## What is needed
What follows is a block of records; restate each one word for word.

## Material provided
- - - - - - -

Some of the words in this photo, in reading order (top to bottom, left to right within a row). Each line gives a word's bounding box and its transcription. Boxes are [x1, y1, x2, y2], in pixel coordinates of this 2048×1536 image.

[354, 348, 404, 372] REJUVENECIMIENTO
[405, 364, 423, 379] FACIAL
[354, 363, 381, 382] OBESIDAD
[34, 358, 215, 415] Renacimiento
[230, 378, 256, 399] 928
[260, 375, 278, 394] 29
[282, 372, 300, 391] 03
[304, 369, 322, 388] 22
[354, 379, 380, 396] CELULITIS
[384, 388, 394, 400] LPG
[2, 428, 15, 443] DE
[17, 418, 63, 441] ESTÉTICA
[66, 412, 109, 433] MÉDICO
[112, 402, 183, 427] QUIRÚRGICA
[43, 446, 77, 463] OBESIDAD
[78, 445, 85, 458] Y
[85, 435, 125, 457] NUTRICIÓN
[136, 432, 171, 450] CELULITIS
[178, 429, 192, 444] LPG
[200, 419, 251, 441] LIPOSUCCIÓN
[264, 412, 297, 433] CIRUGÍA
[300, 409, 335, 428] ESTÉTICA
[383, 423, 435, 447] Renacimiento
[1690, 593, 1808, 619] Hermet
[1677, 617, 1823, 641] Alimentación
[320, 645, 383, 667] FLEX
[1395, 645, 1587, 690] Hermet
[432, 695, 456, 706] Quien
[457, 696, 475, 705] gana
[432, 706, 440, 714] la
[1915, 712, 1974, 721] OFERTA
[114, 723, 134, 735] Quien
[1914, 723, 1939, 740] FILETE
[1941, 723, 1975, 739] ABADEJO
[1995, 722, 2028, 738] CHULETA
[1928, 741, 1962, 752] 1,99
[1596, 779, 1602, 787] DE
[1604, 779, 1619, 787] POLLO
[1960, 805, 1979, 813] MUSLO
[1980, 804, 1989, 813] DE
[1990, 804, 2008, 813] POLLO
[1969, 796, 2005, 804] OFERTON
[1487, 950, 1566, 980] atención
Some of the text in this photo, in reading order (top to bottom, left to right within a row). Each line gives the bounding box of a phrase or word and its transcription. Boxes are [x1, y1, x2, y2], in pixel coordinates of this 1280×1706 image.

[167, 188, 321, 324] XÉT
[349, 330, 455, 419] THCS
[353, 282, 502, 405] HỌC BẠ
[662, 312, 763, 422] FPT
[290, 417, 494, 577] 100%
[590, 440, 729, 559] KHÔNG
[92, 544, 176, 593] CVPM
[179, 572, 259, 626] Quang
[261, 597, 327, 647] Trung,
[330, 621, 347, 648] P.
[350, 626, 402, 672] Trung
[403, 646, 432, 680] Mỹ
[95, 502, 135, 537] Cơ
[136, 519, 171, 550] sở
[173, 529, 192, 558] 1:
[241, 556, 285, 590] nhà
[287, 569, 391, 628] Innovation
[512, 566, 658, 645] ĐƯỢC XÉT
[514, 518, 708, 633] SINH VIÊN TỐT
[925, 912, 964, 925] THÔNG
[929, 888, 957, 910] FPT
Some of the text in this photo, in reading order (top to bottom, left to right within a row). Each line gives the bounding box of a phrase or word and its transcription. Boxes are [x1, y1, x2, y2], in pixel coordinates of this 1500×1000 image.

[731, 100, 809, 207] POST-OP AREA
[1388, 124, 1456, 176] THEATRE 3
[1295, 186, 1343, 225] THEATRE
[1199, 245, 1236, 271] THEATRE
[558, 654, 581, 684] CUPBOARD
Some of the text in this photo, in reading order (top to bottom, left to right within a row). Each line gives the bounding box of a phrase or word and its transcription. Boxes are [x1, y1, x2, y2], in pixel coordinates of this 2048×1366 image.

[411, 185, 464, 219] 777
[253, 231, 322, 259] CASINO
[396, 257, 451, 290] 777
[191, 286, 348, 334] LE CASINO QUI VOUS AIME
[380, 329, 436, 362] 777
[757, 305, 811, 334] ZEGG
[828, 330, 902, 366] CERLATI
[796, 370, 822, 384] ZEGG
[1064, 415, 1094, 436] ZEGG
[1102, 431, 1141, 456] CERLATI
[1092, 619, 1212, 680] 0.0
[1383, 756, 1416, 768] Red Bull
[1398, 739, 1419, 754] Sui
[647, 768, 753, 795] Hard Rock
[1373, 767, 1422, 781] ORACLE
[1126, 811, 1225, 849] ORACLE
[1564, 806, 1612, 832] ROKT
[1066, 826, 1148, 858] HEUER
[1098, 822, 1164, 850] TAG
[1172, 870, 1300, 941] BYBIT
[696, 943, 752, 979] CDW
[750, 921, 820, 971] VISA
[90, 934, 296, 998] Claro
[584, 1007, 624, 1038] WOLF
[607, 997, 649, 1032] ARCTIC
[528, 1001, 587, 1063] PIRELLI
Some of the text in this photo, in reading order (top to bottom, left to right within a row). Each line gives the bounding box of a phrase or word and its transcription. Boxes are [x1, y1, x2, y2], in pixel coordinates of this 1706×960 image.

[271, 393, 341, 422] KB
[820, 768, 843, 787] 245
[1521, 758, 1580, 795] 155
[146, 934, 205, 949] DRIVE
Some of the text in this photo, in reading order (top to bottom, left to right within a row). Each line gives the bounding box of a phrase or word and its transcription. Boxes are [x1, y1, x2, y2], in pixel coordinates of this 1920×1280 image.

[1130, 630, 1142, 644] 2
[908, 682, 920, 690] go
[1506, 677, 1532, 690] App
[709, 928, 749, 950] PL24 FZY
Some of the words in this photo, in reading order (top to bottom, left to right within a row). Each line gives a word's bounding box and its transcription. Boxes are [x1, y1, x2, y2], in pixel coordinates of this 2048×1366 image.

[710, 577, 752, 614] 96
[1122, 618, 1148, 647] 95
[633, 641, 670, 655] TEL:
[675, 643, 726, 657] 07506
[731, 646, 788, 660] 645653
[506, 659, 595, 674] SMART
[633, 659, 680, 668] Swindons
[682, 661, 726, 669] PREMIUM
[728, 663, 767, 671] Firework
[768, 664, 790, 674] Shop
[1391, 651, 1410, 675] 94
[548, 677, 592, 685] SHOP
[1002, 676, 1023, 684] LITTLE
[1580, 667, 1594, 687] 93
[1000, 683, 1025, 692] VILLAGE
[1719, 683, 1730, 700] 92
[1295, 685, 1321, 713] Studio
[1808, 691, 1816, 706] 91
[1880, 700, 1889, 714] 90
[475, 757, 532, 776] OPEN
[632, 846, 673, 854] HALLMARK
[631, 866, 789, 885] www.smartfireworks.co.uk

- - - - - - -

## Answer
Some of the words in this photo, in reading order (top to bottom, left to right within a row). Each line gives a word's bounding box and its transcription. Boxes are [x1, y1, x2, y2], in pixel coordinates of this 2048×1536 image.

[354, 348, 404, 372] REJUVENECIMIENTO
[405, 364, 423, 379] FACIAL
[354, 363, 381, 382] OBESIDAD
[34, 358, 215, 415] Renacimiento
[230, 378, 256, 399] 928
[260, 375, 278, 394] 29
[282, 372, 300, 391] 03
[304, 369, 322, 388] 22
[354, 379, 380, 396] CELULITIS
[384, 388, 394, 400] LPG
[2, 428, 15, 443] DE
[17, 418, 63, 441] ESTÉTICA
[66, 412, 109, 433] MÉDICO
[112, 402, 183, 427] QUIRÚRGICA
[43, 446, 77, 463] OBESIDAD
[78, 445, 85, 458] Y
[85, 435, 125, 457] NUTRICIÓN
[136, 432, 171, 450] CELULITIS
[178, 429, 192, 444] LPG
[200, 419, 251, 441] LIPOSUCCIÓN
[264, 412, 297, 433] CIRUGÍA
[300, 409, 335, 428] ESTÉTICA
[383, 423, 435, 447] Renacimiento
[1690, 593, 1808, 619] Hermet
[1677, 617, 1823, 641] Alimentación
[320, 645, 383, 667] FLEX
[1395, 645, 1587, 690] Hermet
[432, 695, 456, 706] Quien
[457, 696, 475, 705] gana
[432, 706, 440, 714] la
[1915, 712, 1974, 721] OFERTA
[114, 723, 134, 735] Quien
[1914, 723, 1939, 740] FILETE
[1941, 723, 1975, 739] ABADEJO
[1995, 722, 2028, 738] CHULETA
[1928, 741, 1962, 752] 1,99
[1596, 779, 1602, 787] DE
[1604, 779, 1619, 787] POLLO
[1960, 805, 1979, 813] MUSLO
[1980, 804, 1989, 813] DE
[1990, 804, 2008, 813] POLLO
[1969, 796, 2005, 804] OFERTON
[1487, 950, 1566, 980] atención
Some of the text in this photo, in reading order (top to bottom, left to right within a row). Each line gives the bounding box of a phrase or word and its transcription. Boxes are [x1, y1, x2, y2], in pixel coordinates of this 1280×1706 image.

[167, 188, 321, 324] XÉT
[349, 330, 455, 419] THCS
[353, 282, 502, 405] HỌC BẠ
[662, 312, 763, 422] FPT
[290, 417, 494, 577] 100%
[590, 440, 729, 559] KHÔNG
[92, 544, 176, 593] CVPM
[179, 572, 259, 626] Quang
[261, 597, 327, 647] Trung,
[330, 621, 347, 648] P.
[350, 626, 402, 672] Trung
[403, 646, 432, 680] Mỹ
[95, 502, 135, 537] Cơ
[136, 519, 171, 550] sở
[173, 529, 192, 558] 1:
[241, 556, 285, 590] nhà
[287, 569, 391, 628] Innovation
[512, 566, 658, 645] ĐƯỢC XÉT
[514, 518, 708, 633] SINH VIÊN TỐT
[925, 912, 964, 925] THÔNG
[929, 888, 957, 910] FPT
Some of the text in this photo, in reading order (top to bottom, left to right within a row). Each line gives the bounding box of a phrase or word and its transcription. Boxes are [x1, y1, x2, y2], in pixel coordinates of this 1500×1000 image.

[731, 100, 809, 207] POST-OP AREA
[1388, 124, 1456, 176] THEATRE 3
[1295, 186, 1343, 225] THEATRE
[1199, 245, 1236, 271] THEATRE
[558, 654, 581, 684] CUPBOARD
Some of the text in this photo, in reading order (top to bottom, left to right within a row). Each line gives the bounding box of a phrase or word and its transcription. Boxes are [x1, y1, x2, y2], in pixel coordinates of this 2048×1366 image.

[411, 185, 464, 219] 777
[253, 231, 322, 259] CASINO
[396, 257, 451, 290] 777
[191, 286, 348, 334] LE CASINO QUI VOUS AIME
[380, 329, 436, 362] 777
[757, 305, 811, 334] ZEGG
[828, 330, 902, 366] CERLATI
[796, 370, 822, 384] ZEGG
[1064, 415, 1094, 436] ZEGG
[1102, 431, 1141, 456] CERLATI
[1092, 619, 1212, 680] 0.0
[1383, 756, 1416, 768] Red Bull
[1398, 739, 1419, 754] Sui
[647, 768, 753, 795] Hard Rock
[1373, 767, 1422, 781] ORACLE
[1126, 811, 1225, 849] ORACLE
[1564, 806, 1612, 832] ROKT
[1066, 826, 1148, 858] HEUER
[1098, 822, 1164, 850] TAG
[1172, 870, 1300, 941] BYBIT
[696, 943, 752, 979] CDW
[750, 921, 820, 971] VISA
[90, 934, 296, 998] Claro
[584, 1007, 624, 1038] WOLF
[607, 997, 649, 1032] ARCTIC
[528, 1001, 587, 1063] PIRELLI
Some of the text in this photo, in reading order (top to bottom, left to right within a row). Each line gives the bounding box of a phrase or word and its transcription. Boxes are [x1, y1, x2, y2], in pixel coordinates of this 1706×960 image.

[271, 393, 341, 422] KB
[820, 768, 843, 787] 245
[1521, 758, 1580, 795] 155
[146, 934, 205, 949] DRIVE
Some of the text in this photo, in reading order (top to bottom, left to right within a row). Each line gives the bounding box of a phrase or word and its transcription. Boxes are [x1, y1, x2, y2], in pixel coordinates of this 1920×1280 image.

[1130, 630, 1142, 644] 2
[908, 682, 920, 690] go
[1506, 677, 1532, 690] App
[709, 928, 749, 950] PL24 FZY
Some of the words in this photo, in reading order (top to bottom, left to right within a row). Each line gives a word's bounding box and its transcription. Boxes are [x1, y1, x2, y2], in pixel coordinates of this 2048×1366 image.

[710, 577, 752, 614] 96
[1122, 618, 1148, 647] 95
[633, 641, 670, 655] TEL:
[675, 643, 726, 657] 07506
[731, 646, 788, 660] 645653
[506, 659, 595, 674] SMART
[633, 659, 680, 668] Swindons
[682, 661, 726, 669] PREMIUM
[728, 663, 767, 671] Firework
[768, 664, 790, 674] Shop
[1391, 651, 1410, 675] 94
[548, 677, 592, 685] SHOP
[1002, 676, 1023, 684] LITTLE
[1580, 667, 1594, 687] 93
[1000, 683, 1025, 692] VILLAGE
[1719, 683, 1730, 700] 92
[1295, 685, 1321, 713] Studio
[1808, 691, 1816, 706] 91
[1880, 700, 1889, 714] 90
[475, 757, 532, 776] OPEN
[632, 846, 673, 854] HALLMARK
[631, 866, 789, 885] www.smartfireworks.co.uk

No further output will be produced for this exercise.